# Work order
Could you return all of the data exactly as given?

# Records provided

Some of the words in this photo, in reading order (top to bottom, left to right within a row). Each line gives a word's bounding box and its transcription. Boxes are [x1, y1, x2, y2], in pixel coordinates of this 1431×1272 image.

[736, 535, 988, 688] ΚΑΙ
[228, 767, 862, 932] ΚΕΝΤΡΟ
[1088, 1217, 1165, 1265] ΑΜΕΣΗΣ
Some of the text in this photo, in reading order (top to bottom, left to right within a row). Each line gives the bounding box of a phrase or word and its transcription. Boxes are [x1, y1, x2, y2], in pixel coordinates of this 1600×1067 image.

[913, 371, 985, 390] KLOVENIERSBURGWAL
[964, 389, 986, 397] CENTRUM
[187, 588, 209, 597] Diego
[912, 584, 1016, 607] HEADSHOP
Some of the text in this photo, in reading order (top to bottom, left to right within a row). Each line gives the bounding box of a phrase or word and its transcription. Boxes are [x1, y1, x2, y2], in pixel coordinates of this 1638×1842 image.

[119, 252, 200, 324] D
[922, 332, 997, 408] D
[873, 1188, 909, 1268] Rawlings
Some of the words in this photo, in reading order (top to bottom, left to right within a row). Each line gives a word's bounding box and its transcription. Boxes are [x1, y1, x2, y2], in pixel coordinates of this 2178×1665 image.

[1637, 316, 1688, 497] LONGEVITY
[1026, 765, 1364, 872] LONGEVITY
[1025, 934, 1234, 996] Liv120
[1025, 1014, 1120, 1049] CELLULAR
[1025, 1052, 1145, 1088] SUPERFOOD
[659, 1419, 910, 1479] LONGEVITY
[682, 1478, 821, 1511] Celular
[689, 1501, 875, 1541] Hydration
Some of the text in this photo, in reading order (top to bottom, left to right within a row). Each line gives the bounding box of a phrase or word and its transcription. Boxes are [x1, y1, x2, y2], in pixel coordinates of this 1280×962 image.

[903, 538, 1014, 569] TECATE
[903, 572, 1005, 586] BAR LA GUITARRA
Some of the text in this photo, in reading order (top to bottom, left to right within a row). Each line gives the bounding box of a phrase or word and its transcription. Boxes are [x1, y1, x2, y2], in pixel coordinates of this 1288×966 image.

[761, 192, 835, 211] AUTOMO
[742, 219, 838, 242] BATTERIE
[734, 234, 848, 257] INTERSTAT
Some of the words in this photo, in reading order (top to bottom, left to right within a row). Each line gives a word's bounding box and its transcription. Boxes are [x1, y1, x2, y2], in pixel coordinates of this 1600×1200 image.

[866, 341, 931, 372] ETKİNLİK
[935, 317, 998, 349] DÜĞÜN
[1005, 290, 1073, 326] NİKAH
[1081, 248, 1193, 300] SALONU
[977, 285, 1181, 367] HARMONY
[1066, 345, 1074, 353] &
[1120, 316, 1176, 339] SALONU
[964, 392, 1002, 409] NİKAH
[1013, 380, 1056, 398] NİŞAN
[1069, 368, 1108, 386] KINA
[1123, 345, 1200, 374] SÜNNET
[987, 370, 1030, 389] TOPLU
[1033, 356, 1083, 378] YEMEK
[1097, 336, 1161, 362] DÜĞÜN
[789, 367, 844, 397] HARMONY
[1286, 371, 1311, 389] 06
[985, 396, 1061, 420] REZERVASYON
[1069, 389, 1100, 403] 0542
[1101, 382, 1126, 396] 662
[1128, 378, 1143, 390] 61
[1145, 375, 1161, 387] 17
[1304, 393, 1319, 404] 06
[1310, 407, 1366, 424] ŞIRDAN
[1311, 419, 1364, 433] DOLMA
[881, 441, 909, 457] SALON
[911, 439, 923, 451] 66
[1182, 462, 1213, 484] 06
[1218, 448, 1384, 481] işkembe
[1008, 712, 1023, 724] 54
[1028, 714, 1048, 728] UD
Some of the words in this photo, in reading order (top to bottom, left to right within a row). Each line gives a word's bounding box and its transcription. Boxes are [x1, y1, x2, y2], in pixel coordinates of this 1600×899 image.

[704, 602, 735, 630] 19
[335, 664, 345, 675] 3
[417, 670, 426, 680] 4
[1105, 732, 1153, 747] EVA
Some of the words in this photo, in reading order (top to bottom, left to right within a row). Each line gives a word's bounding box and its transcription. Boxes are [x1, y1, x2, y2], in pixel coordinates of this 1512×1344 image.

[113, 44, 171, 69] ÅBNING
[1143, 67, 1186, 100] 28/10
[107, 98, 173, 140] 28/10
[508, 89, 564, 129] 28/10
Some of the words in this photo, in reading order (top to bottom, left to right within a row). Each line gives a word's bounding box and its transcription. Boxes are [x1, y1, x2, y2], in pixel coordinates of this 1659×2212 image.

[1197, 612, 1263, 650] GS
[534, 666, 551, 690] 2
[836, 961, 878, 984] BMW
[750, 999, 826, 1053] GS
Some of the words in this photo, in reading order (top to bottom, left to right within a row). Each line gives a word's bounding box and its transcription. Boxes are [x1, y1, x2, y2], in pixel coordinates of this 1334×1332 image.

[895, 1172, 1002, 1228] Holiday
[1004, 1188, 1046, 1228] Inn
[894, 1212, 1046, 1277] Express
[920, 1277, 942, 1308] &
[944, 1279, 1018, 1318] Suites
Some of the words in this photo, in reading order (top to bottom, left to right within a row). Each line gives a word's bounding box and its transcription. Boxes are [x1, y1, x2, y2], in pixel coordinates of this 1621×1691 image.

# Task output
Some of the words in this photo, in reading order (top to bottom, left to right within a row). Each line gives a word's bounding box and its transcription. Boxes are [x1, y1, x2, y2], in pixel coordinates of this 1431×1272 image.

[736, 535, 988, 688] ΚΑΙ
[228, 767, 862, 932] ΚΕΝΤΡΟ
[1088, 1217, 1165, 1265] ΑΜΕΣΗΣ
Some of the text in this photo, in reading order (top to bottom, left to right within a row). Each line gives the bounding box of a phrase or word and its transcription. Boxes are [x1, y1, x2, y2], in pixel coordinates of this 1600×1067 image.

[913, 371, 985, 390] KLOVENIERSBURGWAL
[964, 389, 986, 397] CENTRUM
[187, 588, 209, 597] Diego
[912, 584, 1016, 607] HEADSHOP
Some of the text in this photo, in reading order (top to bottom, left to right within a row). Each line gives the bounding box of a phrase or word and its transcription. Boxes are [x1, y1, x2, y2], in pixel coordinates of this 1638×1842 image.

[119, 252, 200, 324] D
[922, 332, 997, 408] D
[873, 1188, 909, 1268] Rawlings
Some of the words in this photo, in reading order (top to bottom, left to right within a row). Each line gives a word's bounding box and its transcription. Boxes are [x1, y1, x2, y2], in pixel coordinates of this 2178×1665 image.

[1637, 316, 1688, 497] LONGEVITY
[1026, 765, 1364, 872] LONGEVITY
[1025, 934, 1234, 996] Liv120
[1025, 1014, 1120, 1049] CELLULAR
[1025, 1052, 1145, 1088] SUPERFOOD
[659, 1419, 910, 1479] LONGEVITY
[682, 1478, 821, 1511] Celular
[689, 1501, 875, 1541] Hydration
Some of the text in this photo, in reading order (top to bottom, left to right within a row). Each line gives the bounding box of a phrase or word and its transcription. Boxes are [x1, y1, x2, y2], in pixel coordinates of this 1280×962 image.

[903, 538, 1014, 569] TECATE
[903, 572, 1005, 586] BAR LA GUITARRA
Some of the text in this photo, in reading order (top to bottom, left to right within a row). Each line gives the bounding box of a phrase or word and its transcription. Boxes are [x1, y1, x2, y2], in pixel coordinates of this 1288×966 image.

[761, 192, 835, 211] AUTOMO
[742, 219, 838, 242] BATTERIE
[734, 234, 848, 257] INTERSTAT
Some of the words in this photo, in reading order (top to bottom, left to right within a row). Each line gives a word's bounding box and its transcription. Boxes are [x1, y1, x2, y2], in pixel coordinates of this 1600×1200 image.

[866, 341, 931, 372] ETKİNLİK
[935, 317, 998, 349] DÜĞÜN
[1005, 290, 1073, 326] NİKAH
[1081, 248, 1193, 300] SALONU
[977, 285, 1181, 367] HARMONY
[1066, 345, 1074, 353] &
[1120, 316, 1176, 339] SALONU
[964, 392, 1002, 409] NİKAH
[1013, 380, 1056, 398] NİŞAN
[1069, 368, 1108, 386] KINA
[1123, 345, 1200, 374] SÜNNET
[987, 370, 1030, 389] TOPLU
[1033, 356, 1083, 378] YEMEK
[1097, 336, 1161, 362] DÜĞÜN
[789, 367, 844, 397] HARMONY
[1286, 371, 1311, 389] 06
[985, 396, 1061, 420] REZERVASYON
[1069, 389, 1100, 403] 0542
[1101, 382, 1126, 396] 662
[1128, 378, 1143, 390] 61
[1145, 375, 1161, 387] 17
[1304, 393, 1319, 404] 06
[1310, 407, 1366, 424] ŞIRDAN
[1311, 419, 1364, 433] DOLMA
[881, 441, 909, 457] SALON
[911, 439, 923, 451] 66
[1182, 462, 1213, 484] 06
[1218, 448, 1384, 481] işkembe
[1008, 712, 1023, 724] 54
[1028, 714, 1048, 728] UD
Some of the words in this photo, in reading order (top to bottom, left to right within a row). Each line gives a word's bounding box and its transcription. Boxes are [x1, y1, x2, y2], in pixel coordinates of this 1600×899 image.

[704, 602, 735, 630] 19
[335, 664, 345, 675] 3
[417, 670, 426, 680] 4
[1105, 732, 1153, 747] EVA
Some of the words in this photo, in reading order (top to bottom, left to right within a row). Each line gives a word's bounding box and its transcription. Boxes are [x1, y1, x2, y2], in pixel coordinates of this 1512×1344 image.

[113, 44, 171, 69] ÅBNING
[1143, 67, 1186, 100] 28/10
[107, 98, 173, 140] 28/10
[508, 89, 564, 129] 28/10
Some of the words in this photo, in reading order (top to bottom, left to right within a row). Each line gives a word's bounding box and its transcription. Boxes are [x1, y1, x2, y2], in pixel coordinates of this 1659×2212 image.

[1197, 612, 1263, 650] GS
[534, 666, 551, 690] 2
[836, 961, 878, 984] BMW
[750, 999, 826, 1053] GS
Some of the words in this photo, in reading order (top to bottom, left to right within a row). Each line gives a word's bounding box and its transcription. Boxes are [x1, y1, x2, y2], in pixel coordinates of this 1334×1332 image.

[895, 1172, 1002, 1228] Holiday
[1004, 1188, 1046, 1228] Inn
[894, 1212, 1046, 1277] Express
[920, 1277, 942, 1308] &
[944, 1279, 1018, 1318] Suites
Some of the words in this photo, in reading order (top to bottom, left to right within a row). Each line gives a word's bounding box and its transcription. Boxes are [x1, y1, x2, y2], in pixel coordinates of this 1621×1691 image.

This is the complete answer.